Questa trasformazione ha naturalmente motivazioni profonde e di lungo periodo, su cui non possiamo soffermarci, dipendenti dall’imporsi progressivo di un’ontologia “naturalista” e di un’etica “relativista” nel percorso di egemonizzazione della ragione liberale.
Sommersi mediaticamente da una tempesta di frammenti “culturali” privi di alcuna connessione e di alcuna rilevanza operativa che gli piovono addosso da ogni parte, essi hanno recepito come lezione fondamentale che storia, cultura, società, politica, ecc. sono dimensioni sfuggenti, inintelligibili e arbitrarie, dimensioni irreali in cui magari si muovono ancora alcuni adulti – sempre meno – ma che non rappresenta qualcosa che è possibile prendere sul serio.
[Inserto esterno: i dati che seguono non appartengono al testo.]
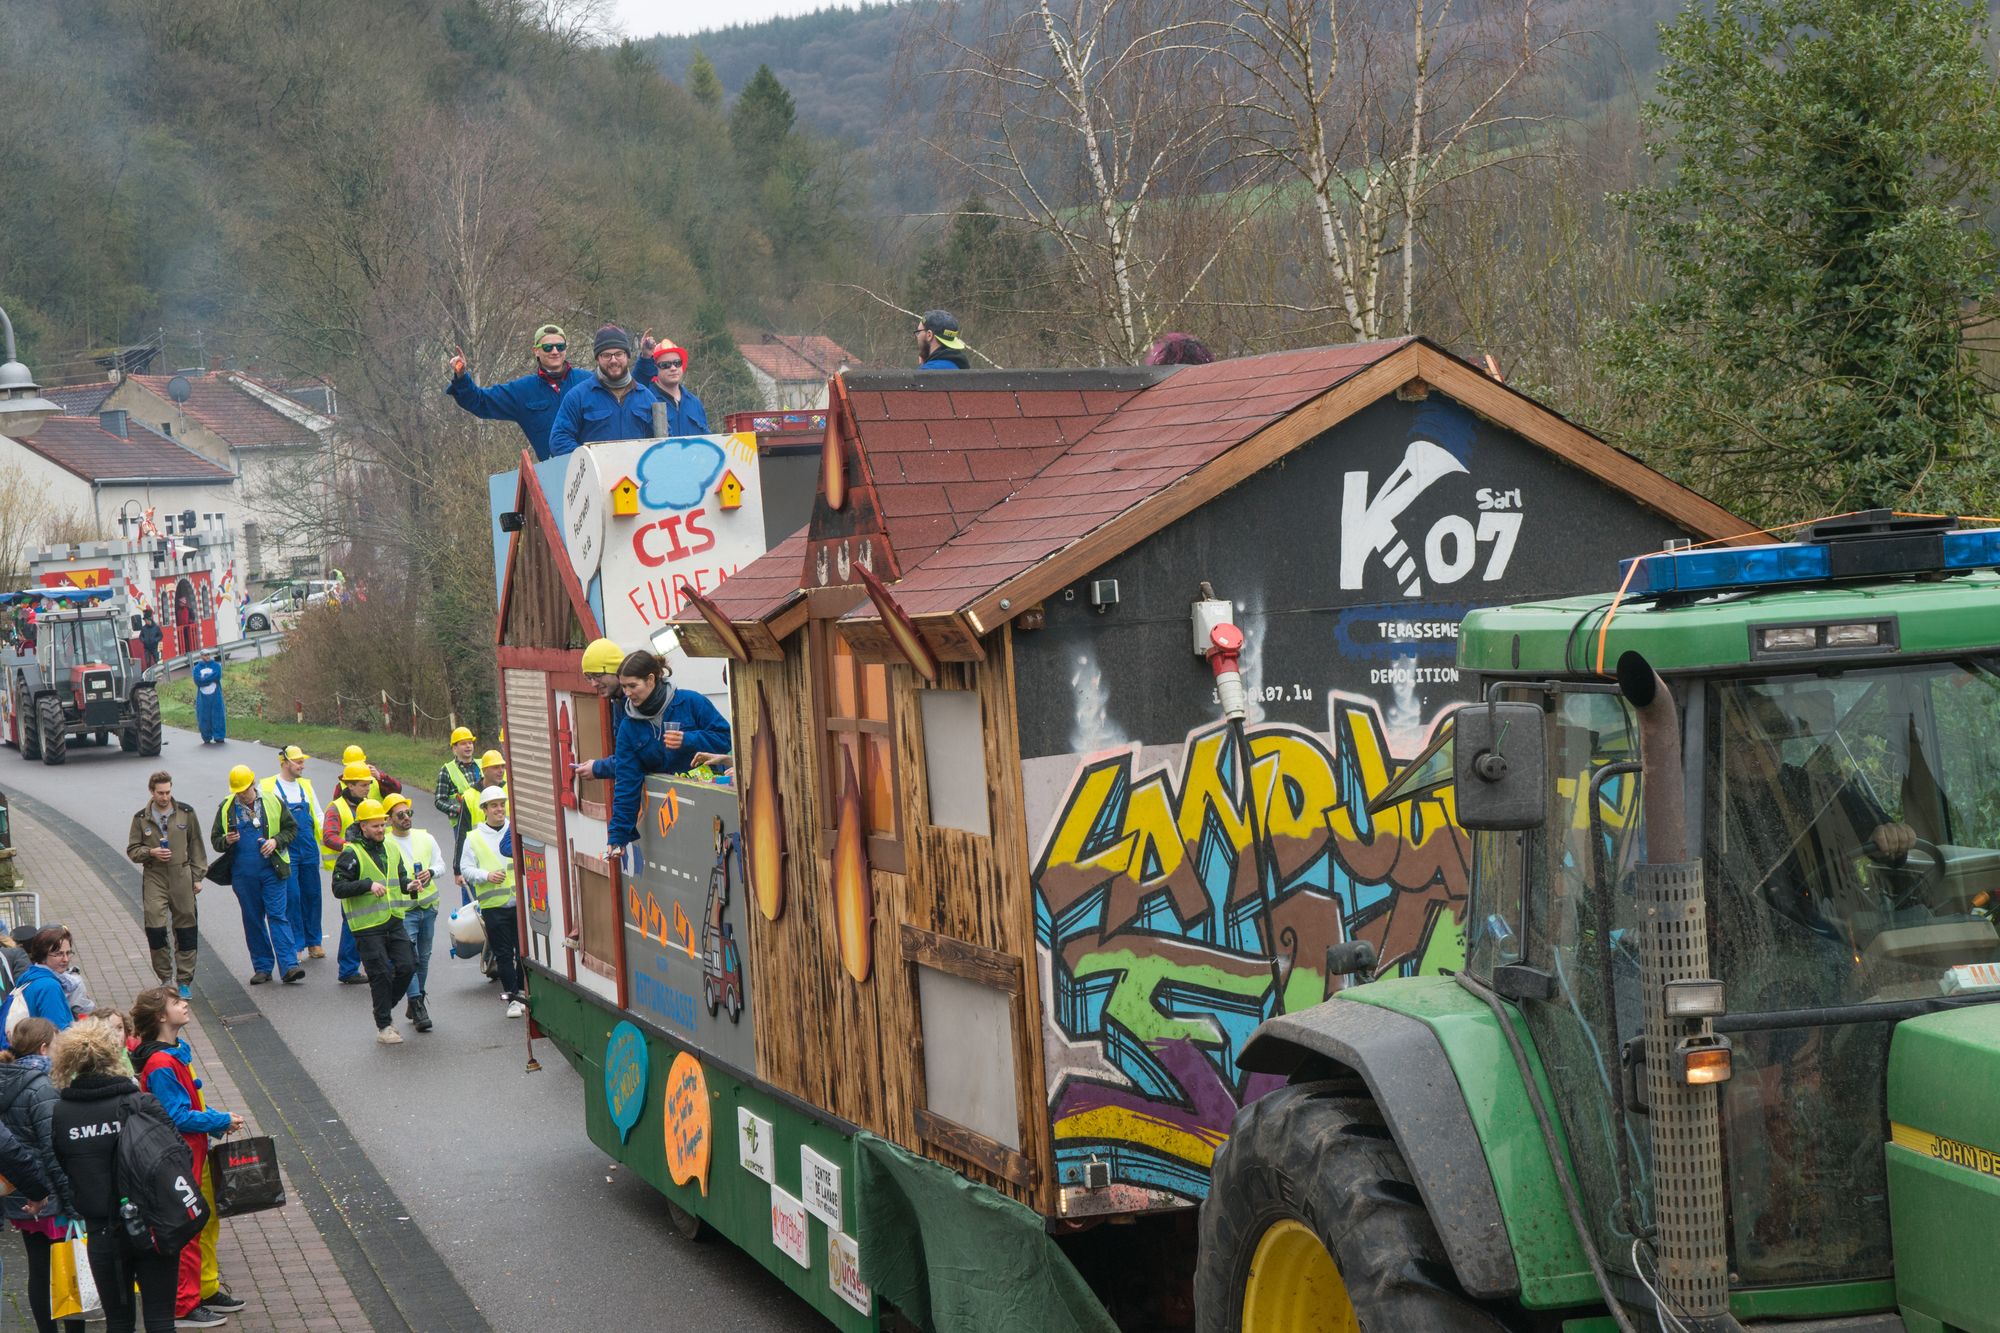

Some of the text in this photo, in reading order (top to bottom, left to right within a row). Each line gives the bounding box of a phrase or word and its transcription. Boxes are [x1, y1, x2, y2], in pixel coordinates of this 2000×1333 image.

[632, 507, 716, 568] CIS
[1377, 621, 1462, 639] TERASSEME
[1370, 666, 1460, 685] DEMOLITION
[1211, 684, 1313, 705] io@k07.lu
[1931, 1136, 1977, 1169] JOHN
[814, 1164, 832, 1186] CENTRE
[815, 1180, 821, 1196] DE
[820, 1185, 838, 1208] LAVAGE
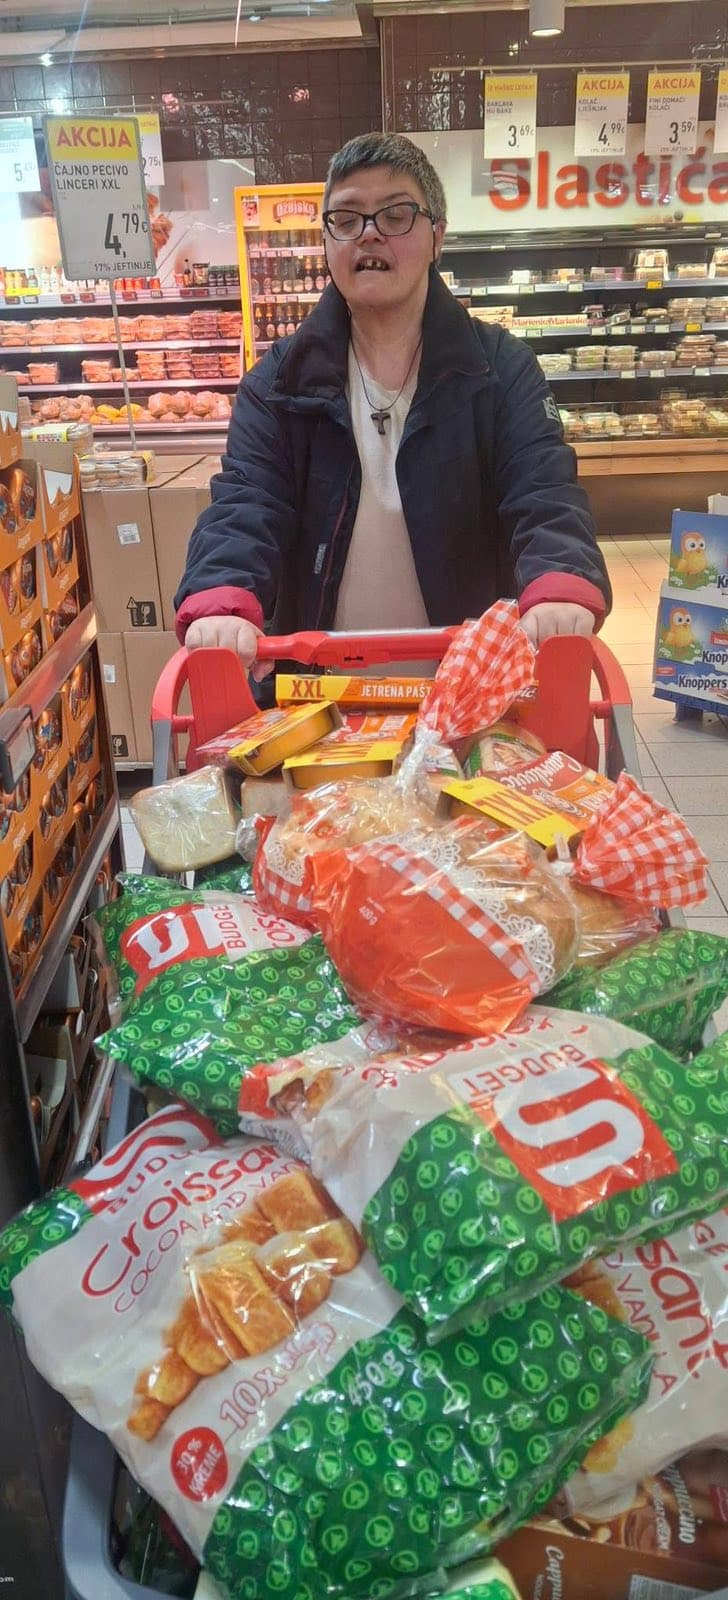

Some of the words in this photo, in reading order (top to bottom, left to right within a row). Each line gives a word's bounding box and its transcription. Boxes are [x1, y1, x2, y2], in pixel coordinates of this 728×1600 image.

[583, 78, 625, 90] AKCIJA
[653, 78, 696, 90] AKCIJA
[56, 126, 132, 148] AKCIJA
[54, 162, 90, 176] ČAJNO
[92, 164, 129, 176] PECIVO
[56, 179, 98, 190] LINCERI
[101, 179, 121, 190] XXL
[112, 261, 152, 272] JEFTINIJE
[290, 679, 325, 699] XXL
[361, 684, 405, 698] JETRENA
[678, 675, 727, 691] Knoppers
[461, 1044, 587, 1098] BUDGET
[114, 1216, 198, 1314] COCOA
[188, 1443, 222, 1496] KREME
Le loro esistenze sono state integralmente destoricizzate e desocializzate. Il mondo del passato è la noia irrilevante dei libri di storia, e siccome ogni presente è destinato a diventare il passato di domani, anche ogni loro azione presente non si muove più nel senso di “orientare la storia”, perché la storia non esiste.
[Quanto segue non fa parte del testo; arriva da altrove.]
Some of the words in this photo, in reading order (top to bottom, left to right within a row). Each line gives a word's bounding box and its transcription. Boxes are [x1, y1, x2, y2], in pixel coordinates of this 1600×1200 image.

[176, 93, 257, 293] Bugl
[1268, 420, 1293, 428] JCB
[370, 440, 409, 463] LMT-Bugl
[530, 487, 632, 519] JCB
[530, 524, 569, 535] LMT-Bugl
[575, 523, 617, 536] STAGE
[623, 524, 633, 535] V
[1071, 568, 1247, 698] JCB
“Realtà” in modo preminente, legittimata dalla nostra intera ontologia, è solo la “natura”, che si profila come concreta e presente, “vera”.
Sarebbe erroneo però immaginare che ci sia una qualche definita immagine o un’articolata conoscenza di ciò che sarebbe, o dovrebbe essere, “natura”. E qui fa capolino l’aspetto davvero tragico di questa metamorfosi delle coscienza. Da un lato, solo ciò che appartiene alla sfera “naturale” è propriamente “reale” e dunque solo questa sfera può ancora accendere qualche animo o qualche passione. Tuttavia, com’è ovvio che sia, “natura” è in effetti sempre solo l’accesso a determinate idee, storicamente sviluppatesi, di “natura”. Ma essendo scomparsa dall’orizzonte ogni coscienza storico-culturale, lo schermo attraverso cui vedono la “natura” non è percepito come tale: la “realtà” residua, la “natura” per cui vale ancora la pena combattere è di volta in volta un’immaginicola correntemente di moda, senza che di ciò si abbia alcuna contezza. Il sistema culturale della “produzione di contenuti di moda”, agente fuori scena, fornisce uno spicchio di mondo che viene percepito come realtà naturale, massimamente concreta, qualcosa che “rifugge le complessità e fumisterie della storia e della cultura”.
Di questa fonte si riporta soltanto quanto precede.